Restate the listing that follows word for word, without its pictures.

■ EXERCISE INPUTS:
= = = = =

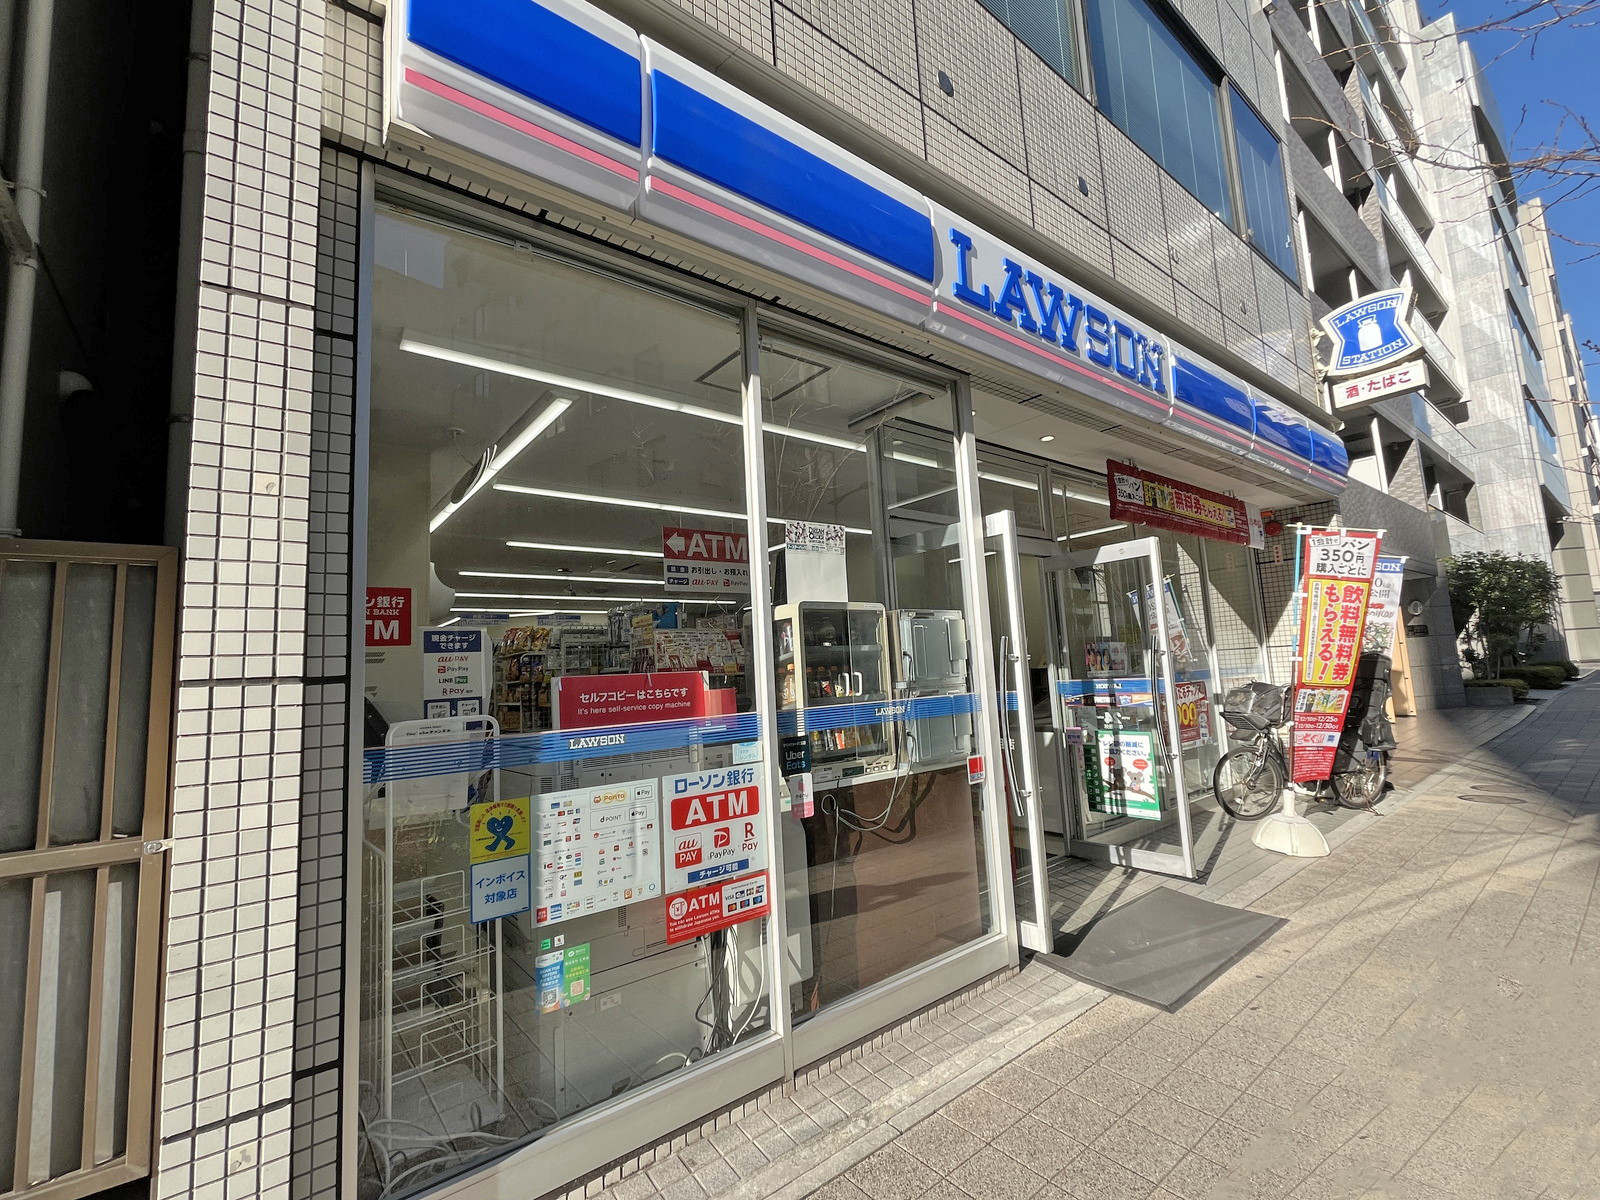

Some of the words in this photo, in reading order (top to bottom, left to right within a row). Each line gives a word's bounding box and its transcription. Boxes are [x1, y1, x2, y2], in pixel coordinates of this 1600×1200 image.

[949, 227, 1166, 394] LAWSON
[1335, 298, 1399, 328] LAWSON
[1341, 338, 1405, 366] STATION
[1345, 371, 1411, 399] 酒・たばこ
[687, 533, 748, 561] ATM
[1341, 539, 1369, 550] パン
[1320, 548, 1364, 563] 350円
[1316, 562, 1367, 576] 購入ごとに
[431, 633, 476, 643] 現金チャージ
[1332, 584, 1365, 681] 飲料無料券
[439, 642, 469, 650] できます
[579, 687, 689, 703] セルフコピーはこちらです
[577, 707, 589, 715] It's
[590, 706, 606, 714] here
[608, 704, 647, 713] self-service
[648, 702, 663, 711] copy
[664, 700, 691, 709] machine
[874, 705, 906, 716] LAWSON
[569, 733, 626, 749] LAWSON
[785, 750, 806, 760] Uber
[786, 760, 806, 770] Eats
[675, 768, 755, 794] ローソン銀行
[641, 788, 650, 797] Pay
[685, 790, 748, 826] ATM
[744, 822, 755, 841] R
[679, 838, 698, 850] au
[742, 841, 758, 851] Pay
[679, 850, 697, 864] PAY
[709, 848, 736, 860] PayPay
[699, 863, 739, 879] チャージ可能
[475, 870, 526, 889] インボイス
[484, 888, 518, 904] 対象店
[688, 891, 720, 912] ATM
[694, 912, 709, 920] Lawson
[674, 922, 693, 931] withdraw
[693, 917, 712, 926] Japanese

= = = = =

■ SOLUTION FOR THIS EXERCISE:
Some of the words in this photo, in reading order (top to bottom, left to right within a row). Each line gives a word's bounding box and its transcription. Boxes are [x1, y1, x2, y2], in pixel coordinates of this 1600×1200 image.

[949, 227, 1166, 394] LAWSON
[1335, 298, 1399, 328] LAWSON
[1341, 338, 1405, 366] STATION
[1345, 371, 1411, 399] 酒・たばこ
[687, 533, 748, 561] ATM
[1341, 539, 1369, 550] パン
[1320, 548, 1364, 563] 350円
[1316, 562, 1367, 576] 購入ごとに
[431, 633, 476, 643] 現金チャージ
[1332, 584, 1365, 681] 飲料無料券
[439, 642, 469, 650] できます
[579, 687, 689, 703] セルフコピーはこちらです
[577, 707, 589, 715] It's
[590, 706, 606, 714] here
[608, 704, 647, 713] self-service
[648, 702, 663, 711] copy
[664, 700, 691, 709] machine
[874, 705, 906, 716] LAWSON
[569, 733, 626, 749] LAWSON
[785, 750, 806, 760] Uber
[786, 760, 806, 770] Eats
[675, 768, 755, 794] ローソン銀行
[641, 788, 650, 797] Pay
[685, 790, 748, 826] ATM
[744, 822, 755, 841] R
[679, 838, 698, 850] au
[742, 841, 758, 851] Pay
[679, 850, 697, 864] PAY
[709, 848, 736, 860] PayPay
[699, 863, 739, 879] チャージ可能
[475, 870, 526, 889] インボイス
[484, 888, 518, 904] 対象店
[688, 891, 720, 912] ATM
[694, 912, 709, 920] Lawson
[674, 922, 693, 931] withdraw
[693, 917, 712, 926] Japanese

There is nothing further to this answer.